What the task asks: Output the listing below verbatim, but drop the images.

The data below:

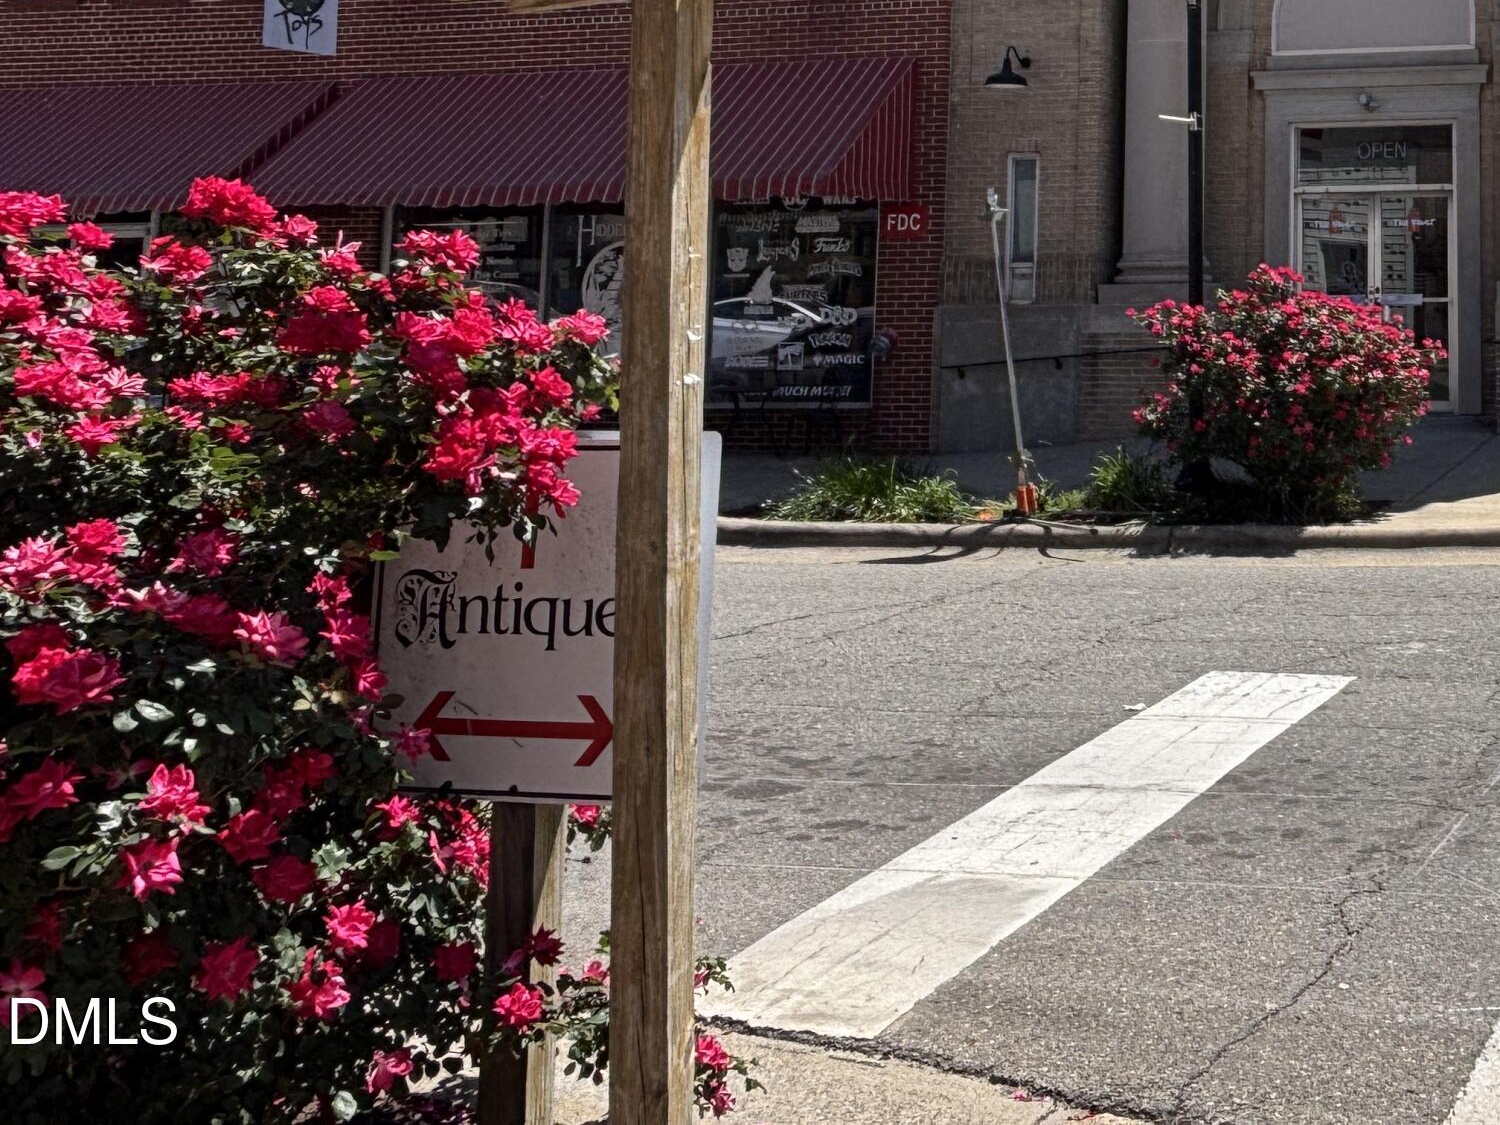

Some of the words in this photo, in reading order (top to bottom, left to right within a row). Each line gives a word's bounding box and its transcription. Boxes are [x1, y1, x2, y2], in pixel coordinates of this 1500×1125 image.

[1357, 141, 1407, 160] OPEN
[887, 213, 921, 231] FDC
[575, 215, 624, 267] HIDDE
[823, 354, 866, 365] MAGIC
[394, 569, 616, 651] Antique

End of The data.

Exercise solution:
Some of the words in this photo, in reading order (top to bottom, left to right within a row). Each line gives a word's bounding box and its transcription. Boxes are [x1, y1, x2, y2], in pixel coordinates of this 1500×1125 image.

[1357, 141, 1407, 160] OPEN
[887, 213, 921, 231] FDC
[575, 215, 624, 267] HIDDE
[823, 354, 866, 365] MAGIC
[394, 569, 616, 651] Antique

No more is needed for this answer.